Which Directory is the Best?

Many directories sell sitewide banner ads to other directories, which directly states the other directory is of higher quality and more worthy of submitting to, not only for how the ads flow link equity, but also for the general brand perception.

Sell Yourself First:

Some sites make the same error of undermining their perceived site quality by placing external ads above their house ads or internal products. An earlier version of my site design placed other ads in-line with the content and the ad for my book on the sidebar. The day I put my ebook ad inline with the site content my sales tripled. If you have an editorial site that people subscribe to the easiest thing to sell should be your own stuff since people reading your site already trust you. Now my site has less ads, a better brand perception, and more profit.

Promote Your Content to Sell the Ads:

Without distribution it is hard to make money from advertising. Without heavily promoting the value of your content it is hard to get much distribution, especially with the self reinforcing nature of networks and the web.

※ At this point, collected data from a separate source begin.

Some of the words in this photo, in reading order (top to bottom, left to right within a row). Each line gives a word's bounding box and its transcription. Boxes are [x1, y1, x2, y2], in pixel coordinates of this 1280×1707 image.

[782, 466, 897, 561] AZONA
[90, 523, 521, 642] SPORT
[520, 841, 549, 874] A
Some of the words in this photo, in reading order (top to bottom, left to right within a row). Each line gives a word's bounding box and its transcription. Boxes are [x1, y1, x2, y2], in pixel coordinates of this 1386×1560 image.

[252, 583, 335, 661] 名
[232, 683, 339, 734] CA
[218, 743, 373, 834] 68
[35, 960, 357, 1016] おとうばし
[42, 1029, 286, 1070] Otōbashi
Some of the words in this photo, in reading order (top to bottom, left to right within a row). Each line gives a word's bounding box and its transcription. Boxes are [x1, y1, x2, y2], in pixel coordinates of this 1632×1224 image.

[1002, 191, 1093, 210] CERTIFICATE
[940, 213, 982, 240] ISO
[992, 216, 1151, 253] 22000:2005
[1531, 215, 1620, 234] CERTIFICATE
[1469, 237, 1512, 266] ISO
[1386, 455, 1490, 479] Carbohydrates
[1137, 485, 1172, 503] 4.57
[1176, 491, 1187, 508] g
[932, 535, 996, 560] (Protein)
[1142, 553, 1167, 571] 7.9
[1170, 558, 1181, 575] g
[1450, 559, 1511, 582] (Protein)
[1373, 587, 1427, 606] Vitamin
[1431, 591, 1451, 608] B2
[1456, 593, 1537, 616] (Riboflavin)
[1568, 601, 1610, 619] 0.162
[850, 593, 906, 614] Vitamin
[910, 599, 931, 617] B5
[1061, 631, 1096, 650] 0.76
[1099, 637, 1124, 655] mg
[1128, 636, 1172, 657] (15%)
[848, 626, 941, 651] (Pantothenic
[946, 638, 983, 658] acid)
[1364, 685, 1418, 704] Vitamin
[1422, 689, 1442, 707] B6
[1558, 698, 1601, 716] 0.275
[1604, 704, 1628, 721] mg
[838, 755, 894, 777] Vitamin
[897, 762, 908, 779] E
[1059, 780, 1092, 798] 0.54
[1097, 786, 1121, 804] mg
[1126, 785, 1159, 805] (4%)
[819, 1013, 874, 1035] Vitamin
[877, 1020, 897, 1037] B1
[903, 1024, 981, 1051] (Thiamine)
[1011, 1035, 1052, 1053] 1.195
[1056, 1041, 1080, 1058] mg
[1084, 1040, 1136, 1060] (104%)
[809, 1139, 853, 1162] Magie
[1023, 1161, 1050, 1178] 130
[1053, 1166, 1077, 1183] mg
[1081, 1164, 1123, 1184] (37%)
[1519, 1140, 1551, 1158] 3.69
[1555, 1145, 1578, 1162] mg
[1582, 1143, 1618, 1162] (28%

Some sites are so optimized for short term profits that they undermine their own authority by placing a large ad block above the content. There are many creative ways to slightly reduce ad CTR while still leaving the general perception of quality to most site visitors. Just about every link you get will be from someone who visits your site. If your site leaves a good perception of quality and trustworthiness it is much easier to be deemed as linkworthy than if your site looks like an ad farm. AdSense aligned top and to the left is the equivalent of a noisy FFA page.

The order you place things in tells readers of your site what you think is most important. If you are in a competitive marketplace it is hard to compete if you place other brands or ads above your content.

Published: February 20, 2007 by Aaron Wall in publishing & media

Comments

mad4
February 20, 2007 - 11:12am

People tend to read engadget and think that its OK to have 90% ads and 10% content. Its not.

February 20, 2007 - 11:43am

Some good pearls of wisdom in this post.

Totally agree about the placement of adsense - too many ads scares away links, and links are of more long term value than ad clicks.

February 20, 2007 - 1:54pm

Useful and timely information for us. We're just launching an ISP product in the UK. We already have a few ISP sites which we can exploit but I don't think we've done it right. Though I think there are different expectations of what is acceptable for ad density between the UK and the US. I'm notaware of any metrics on that though

David Myers
February 20, 2007 - 9:53pm

On 1-26-07 you withdrew $9.95 from my acct. without authorization.I need your phone number to billing so we can get this matter straight

February 20, 2007 - 10:32pm

I have been following your advice on ad placement (layout, colors etc) for about 6 months now. I use to be doing it wrong - TO much focus on the ads and it took away from the content. I try to keep the ads towards the bottom of my information so the don't take away from the content and I have seen an increase in revenue.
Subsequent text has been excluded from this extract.